The researchers focused on a particularly deadly form of liver cancer known as hepatocellular carcinoma, which has recently been linked to nonalcoholic fatty liver disease. Historically, the rates of hepatocellular carcinoma have been much higher in men than women. Though still more common in men, fatty liver-associated hepatocellular carcinoma is increasing in women as well.
In the study, Eckel-Mahan’s team found that hepatocellar carcinoma rates rose significantly when a high-fat diet was combined with the removal of the tumor suppressor protein HNF4α. When HNFAα is not expressed properly, it affects the biological clock in the liver. “It causes a circadian activation of genes that promote cell division,” Eckel-Mahan said.

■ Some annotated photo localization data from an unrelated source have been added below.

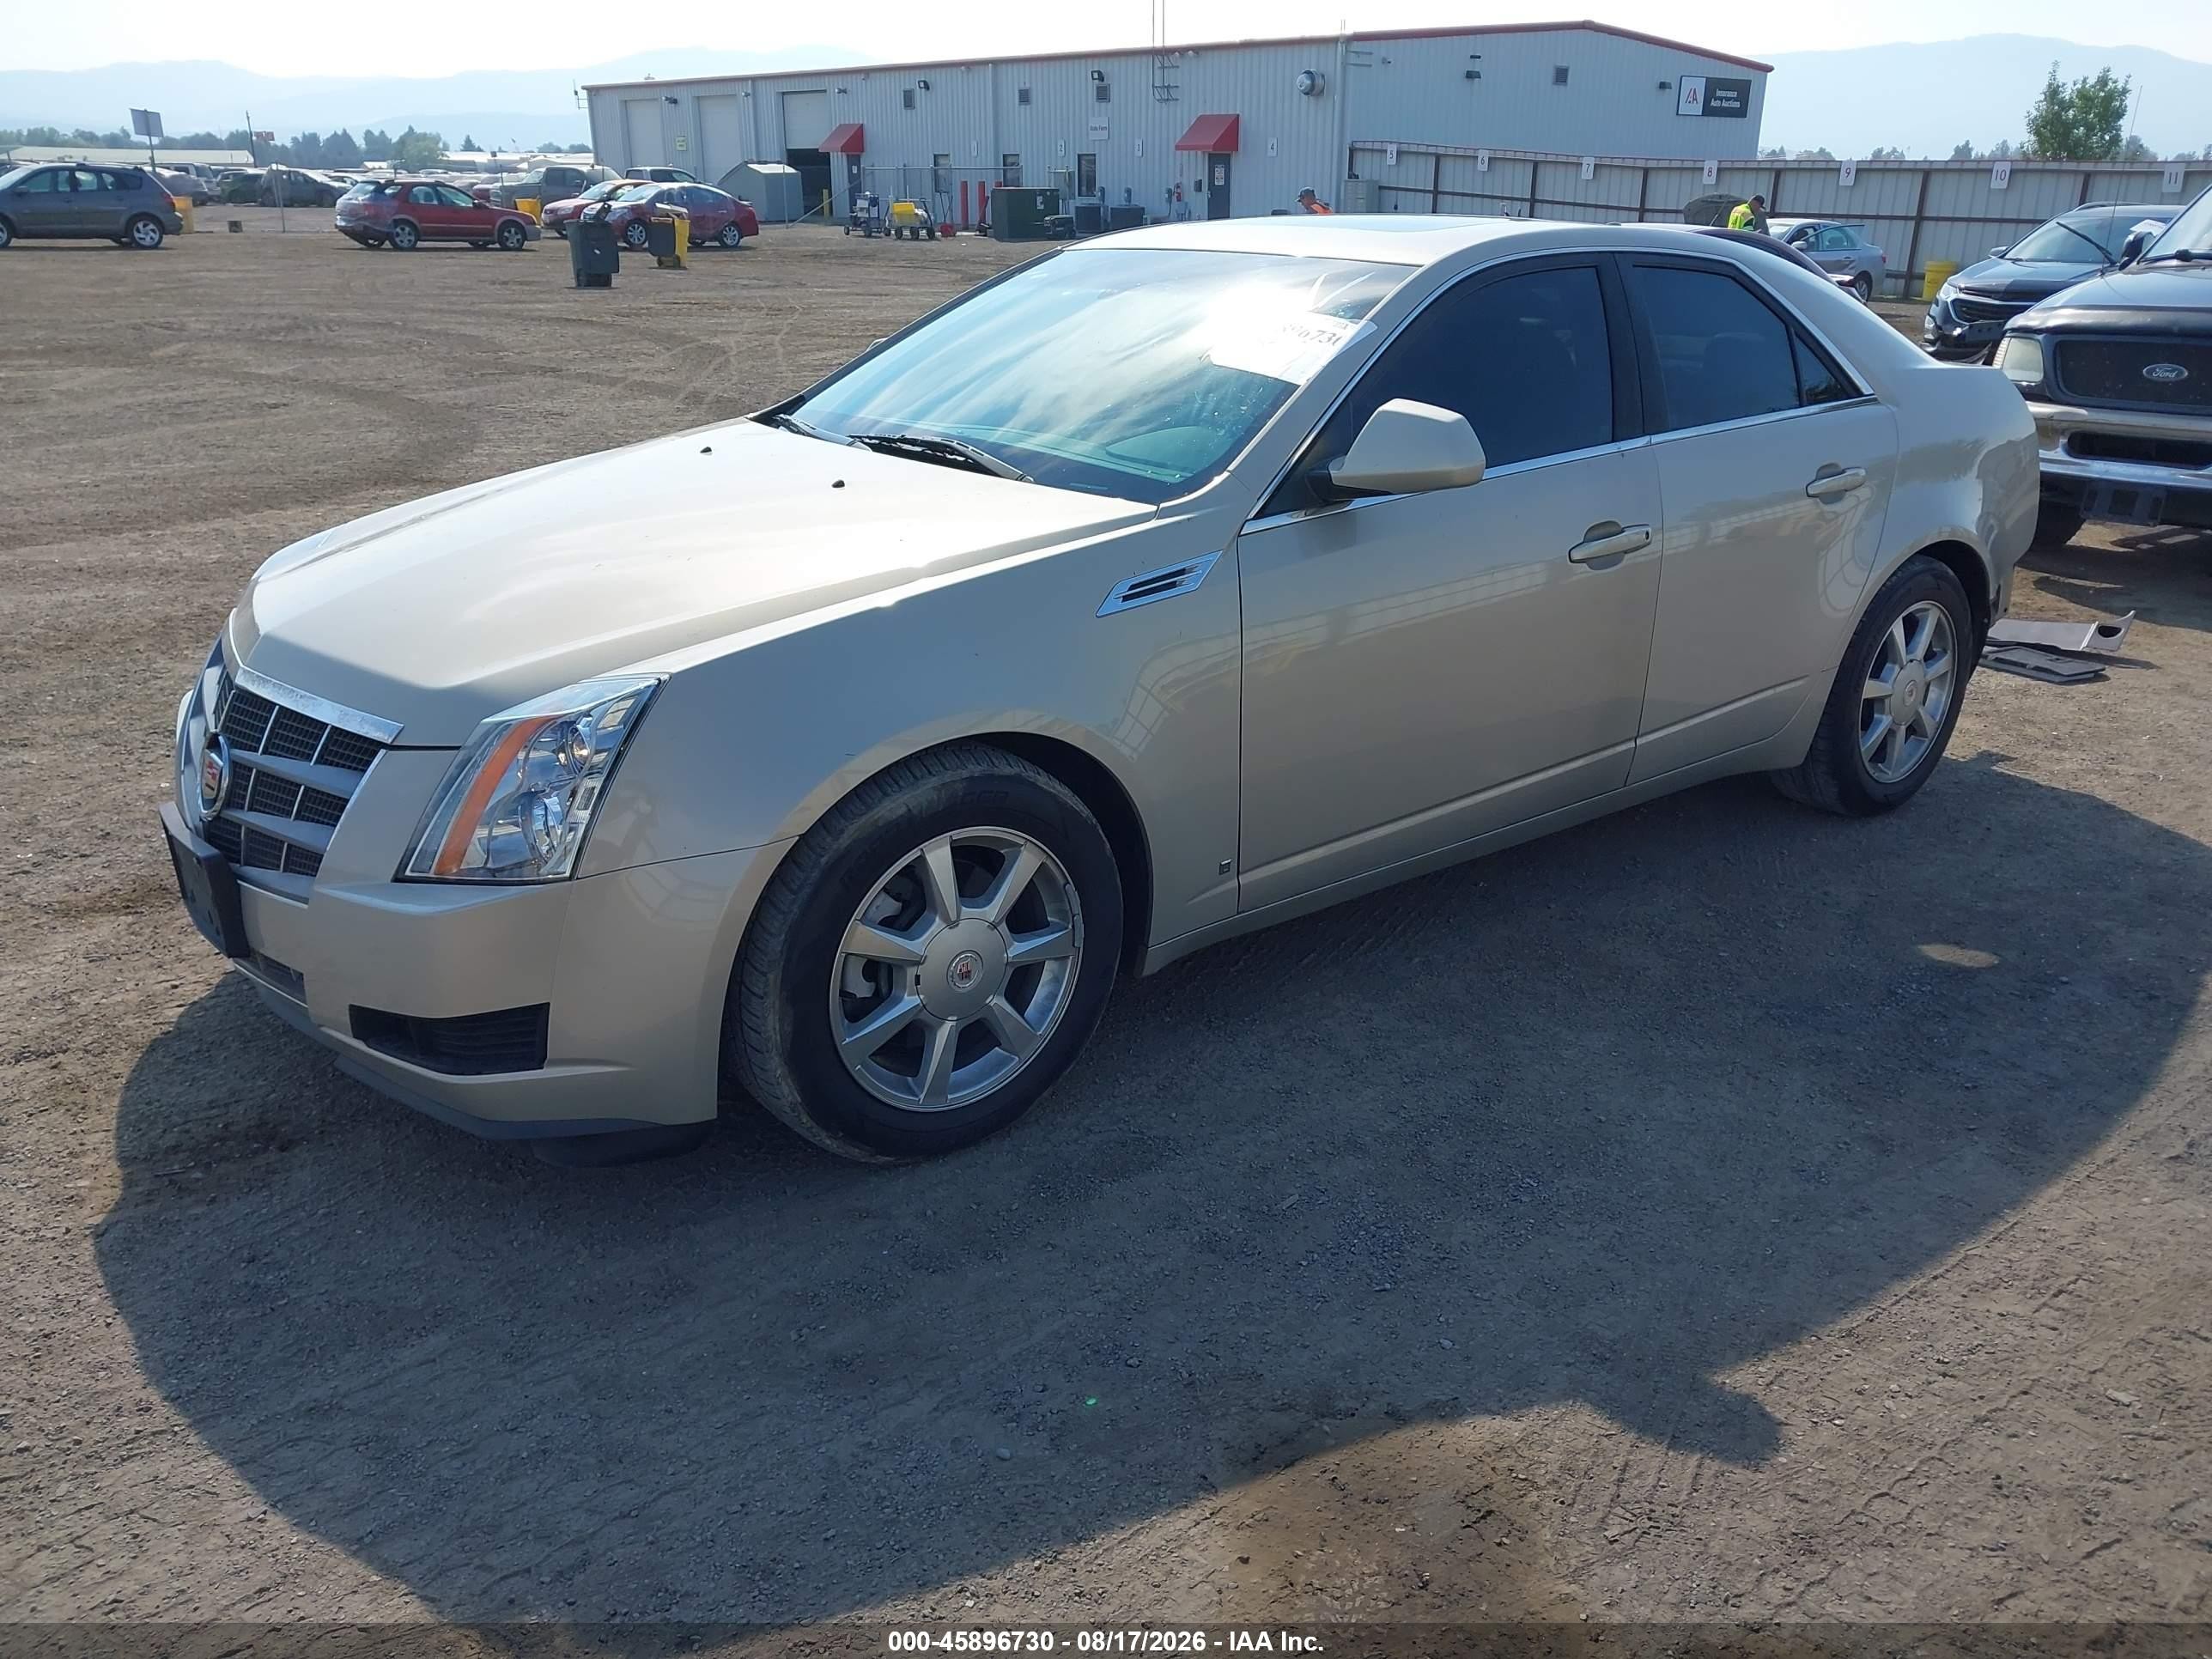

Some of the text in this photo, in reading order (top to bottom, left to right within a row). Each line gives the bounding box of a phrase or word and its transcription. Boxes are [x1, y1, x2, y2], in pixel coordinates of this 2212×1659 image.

[1270, 143, 1275, 151] 4
[1389, 149, 1394, 159] 5
[1480, 156, 1486, 166] 6
[1586, 163, 1590, 173] 7
[1707, 167, 1713, 177] 8
[1845, 167, 1851, 178] 9
[1995, 169, 2006, 181] 10
[2168, 172, 2179, 185] 11
[2152, 367, 2179, 379] Ford

The data suggest that nonalcoholic fatty liver disease may increase disease risk through a mechanism that partially bypasses the normally protective mechanisms present in females, Eckel-Mahan said.
The liver is one of the biggest organs in the body and its many tasks include producing bile, detoxifying alcohol and drugs, and making glucose.

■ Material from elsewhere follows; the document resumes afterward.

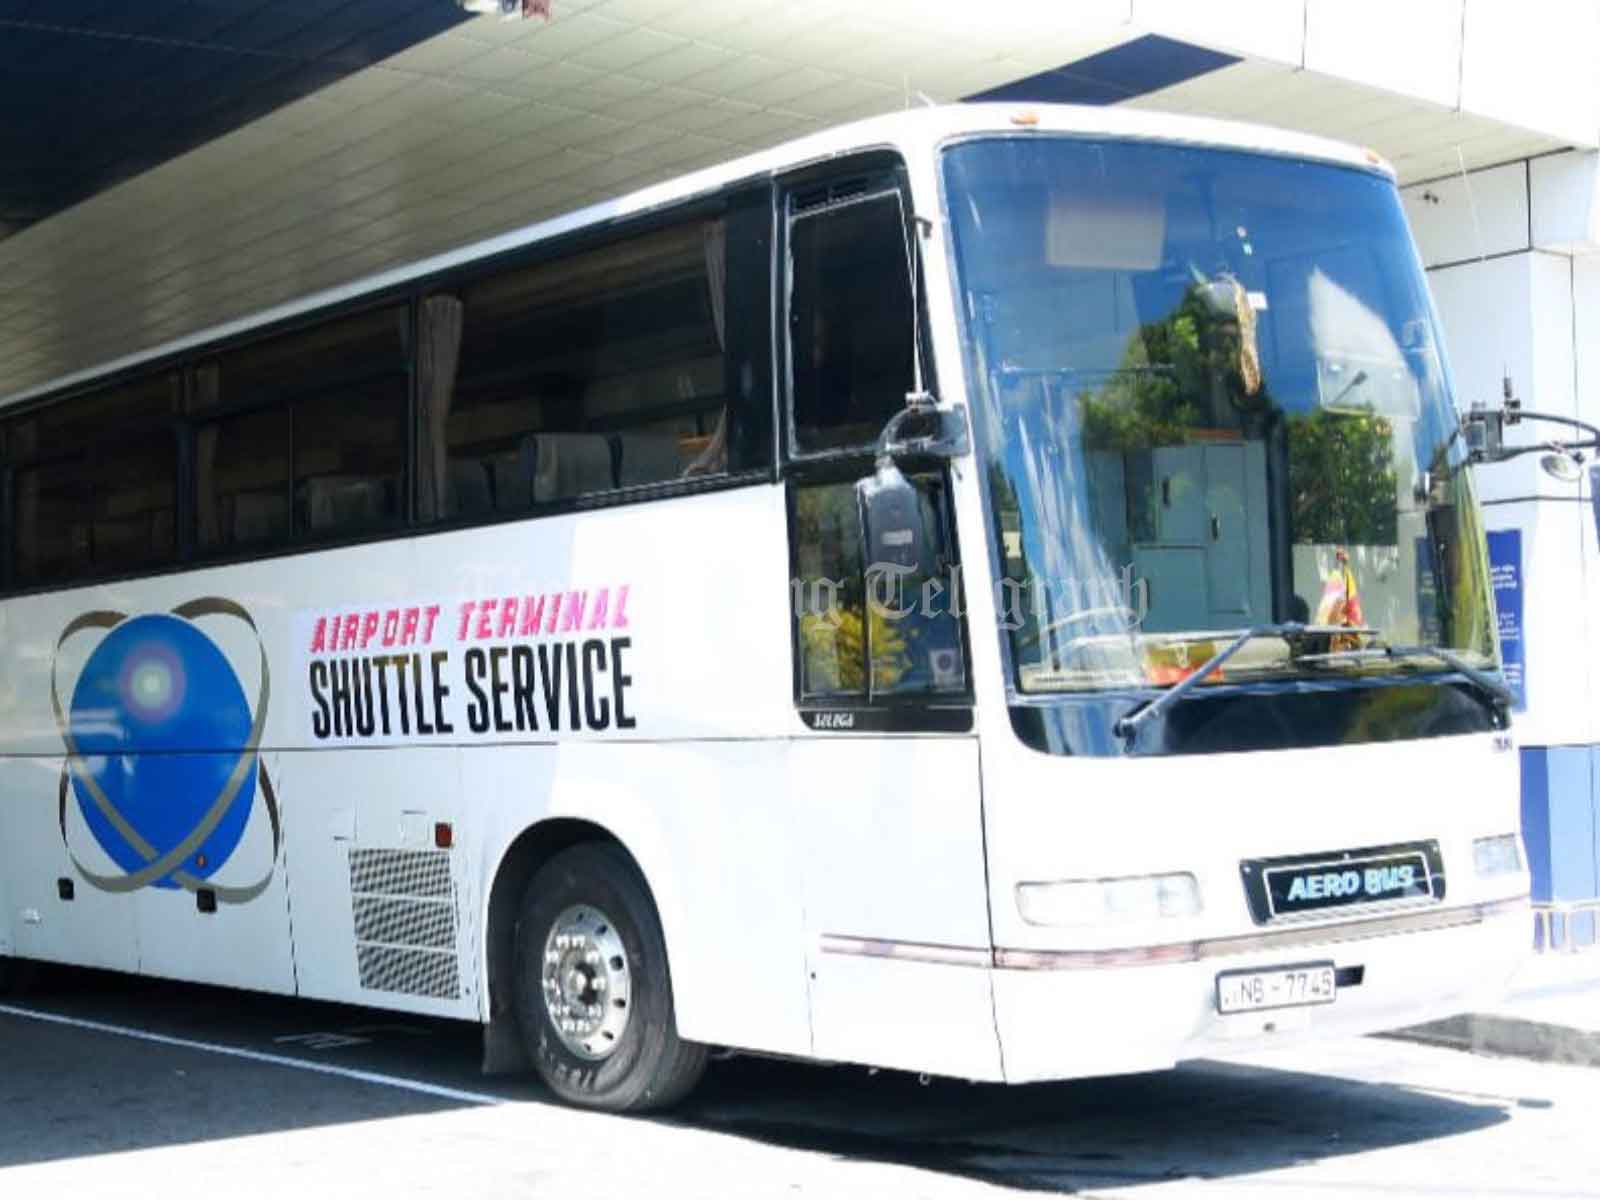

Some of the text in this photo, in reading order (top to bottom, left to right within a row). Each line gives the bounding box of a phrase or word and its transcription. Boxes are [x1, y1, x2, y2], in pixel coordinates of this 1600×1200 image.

[310, 586, 631, 653] AIRPORT TERMINAL
[309, 636, 636, 740] SHUTTLE SERVICE
[1287, 864, 1416, 901] AERO BUS

Other causes of liver cancer include hepatitis and alcohol abuse.
In addition to potentially being used to detect liver disease by looking at the protein’s expression patterns in the liver, possible therapeutic applications include developing ways to modulate its activity, she said.

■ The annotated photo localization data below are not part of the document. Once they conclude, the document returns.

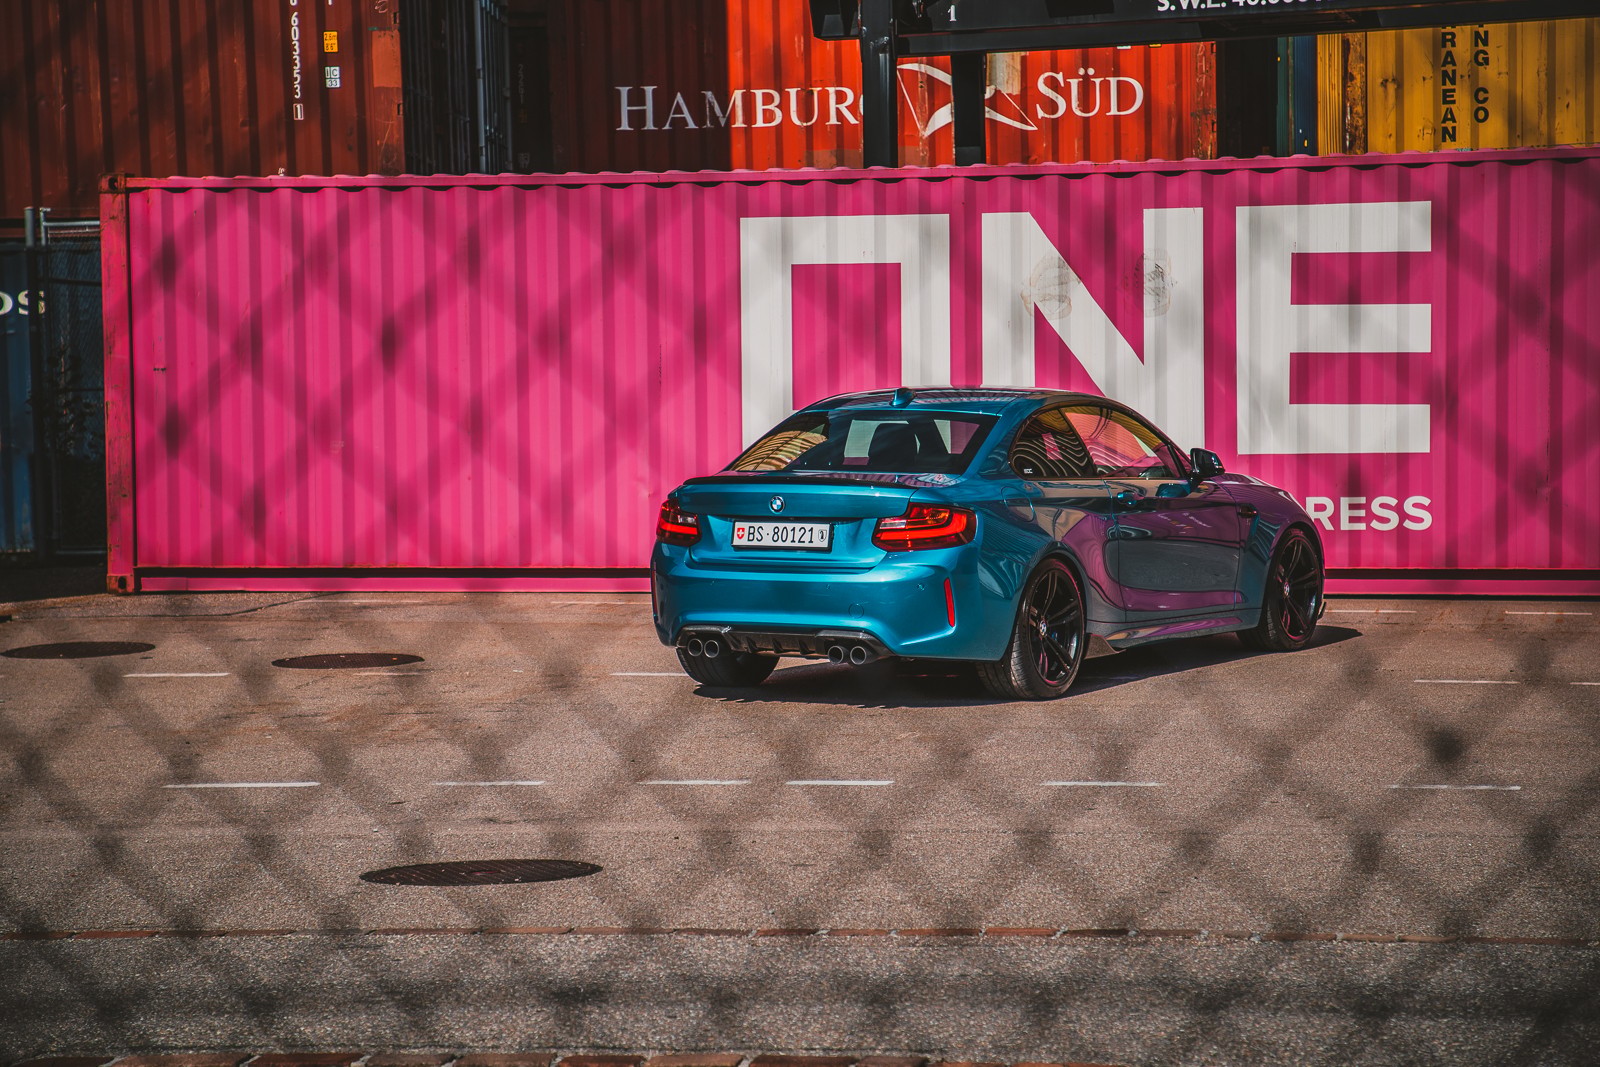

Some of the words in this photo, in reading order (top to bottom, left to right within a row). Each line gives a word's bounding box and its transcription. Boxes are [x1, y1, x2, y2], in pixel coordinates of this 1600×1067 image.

[947, 4, 957, 22] 1
[291, 12, 301, 99] 603353
[1474, 25, 1489, 66] NG
[614, 85, 864, 131] HAMBUR
[1036, 67, 1144, 119] SÜD
[1441, 27, 1457, 142] RANEAN
[1474, 87, 1489, 123] CO
[740, 201, 1431, 454] ONE

“These mouse models are considered good representations of human disease as they follow the same liver disease progression seen in humans – steatosis, fibrosis, cirrhosis, cancer,” said Baharan Fekry, PhD, the study’s lead author and an instructor at McGovern Medical School. “This is more evidence that obesity and its related nonalcoholic fatty liver disease are linked to cancer. This provides novel mechanistic insight as to why.”
UTHealth coauthors include Aleix Ribas Latre, PhD; Corrine Baumgartner; Alaa Mohamed; Mikhail Kolonin, PhD; and Mamoun Younes, MD. Also contributing to the study was Frances Sladek, PhD, of the University of California, Riverside.
Kolonin and Eckel-Mahan are on the faculty of The University of Texas MD Anderson Cancer Center UTHealth Graduate School of Biomedical Sciences. Kolonin is the holder of the Harry E. Bovay, Jr. Distinguished University Chair in Metabolic Disease Research at UTHealth.
The study, titled “HNFAα-Deficient Fatty Liver Provides a Permissive Environment for Sex-Independent Hepatocellar Carcinoma,” was supported by the National Institutes of Health (DK114037) and American Cancer Society (RSG-17-215-01-C).